Kingston’s Summer of ’66

In the history of Jamaican music, there is a before and an after the summer of 1966. Jamaican history had always been both turbulent and productive because of its social movements and polarized politics but this time it was hot weather that would go on to make universal cultural history by creating the demand for in Jamaica for rocksteady and reggae.

Jamaica is a pretty small island and were it not for the explosive character of its cultural innovations would be considered as such. However, history has placed the island’s society and cultural history at the center of global interest and its especially the case for the music that it produces.

Even before reggae, Jamaicans produced the internationally acclaimed ska (as just one of their indigenous music genres.) Ska came into being during the 1950’s of commercial radio, hotels and the advent of nightclubs and of Jamaica’s sound systems and slowly exploded into global significance. At the time, mento and ska were the indigenous musical genres that dominated in Jamaica.
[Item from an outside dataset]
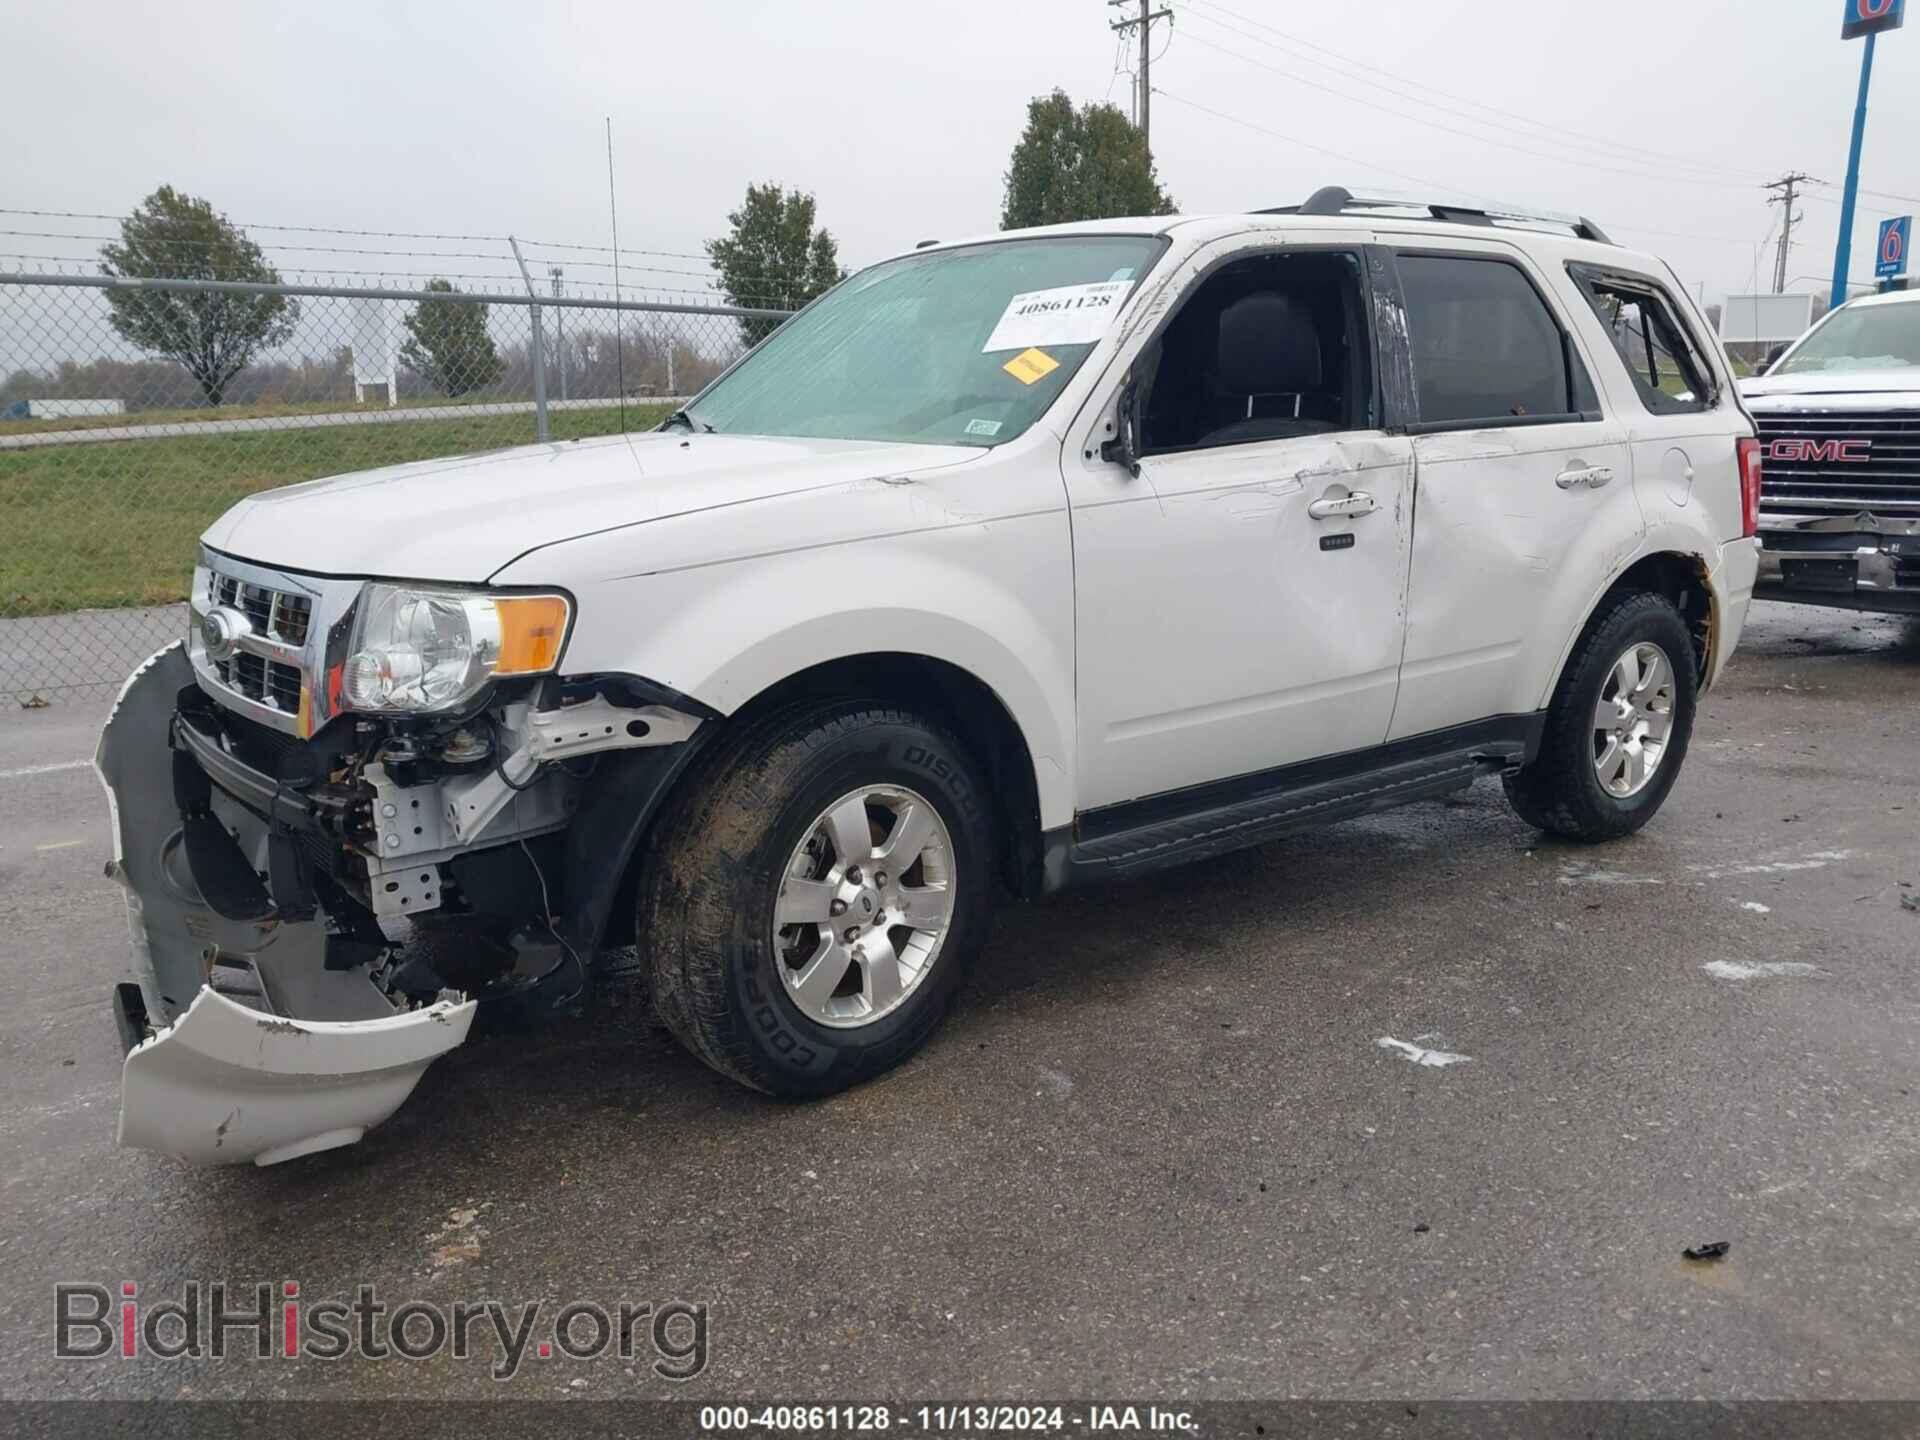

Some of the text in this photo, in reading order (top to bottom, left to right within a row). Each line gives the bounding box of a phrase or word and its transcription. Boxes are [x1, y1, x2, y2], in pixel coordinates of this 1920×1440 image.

During the summer of 1966, both ska and mento’s popularity came to a halt. Kingston experienced a massive heat wave and the demand for ska dancing immediately went down. The demand for ska had previously enlarged with the migration of many young Jamaicans to Kingston, the island’s capital. Suddenly, these youngsters needed a new music to dance along to and to meet this new demand rocksteady’s popularity was born.

Rocksteady had much less instrumentals than ska and much more vocals. The drums and the bass were slowed down and arrangement was much less stressed. It was a crooner’s music and its songs told tales. It was immigration music at first and was created by the interaction of a Trinidadian in Kingston, Lynn Taitt, and the Jamaicans that he played along with. It was sort of a slow calypso turned Jamaican. Its name was coined from a song by Alton Ellis named “Rock Steady.” It was also born at the same time as commercial soul music was thriving so it was profoundly influenced by soul music. Musicians like Roy Shirley, The Maytals and The Heptones became the new dancehall pleasers.

The Maytals - Never Grow Old
The Maytals – Never Grow Old

Rocksteady’s popularity would only last until 1968, when reggae overtook it. By then, Kingston had changed into a city with many more slums and “dreadlocks”, to quote the Jamaican anthropologist Barry Chevannes, or rastafarians who fashioned themselves like mau-mau fighters by wearing dreadlocks, living in them.

The rastafarians had danced to rocksteady but with “dreadlocks” ideology came the need for a change in “sound” that matched their new ideologies.

Rastafarians had typically stayed out of politics and been a rural movement. It was no more the case. From rocksteady, reggae was produced to be less slick and as a much more raw expression. It was not yet purely political as it would get with Max Romeo’s classic album War Ina Babylon but it was different.

What’s important to note, however, that reggae became popular in large part because of the heatwave of 1966, which had brought along popularity for the new music rocksteady. Without the heatwave, there would have been much less of a receptiveness for either Max Romeo or Bob Marley.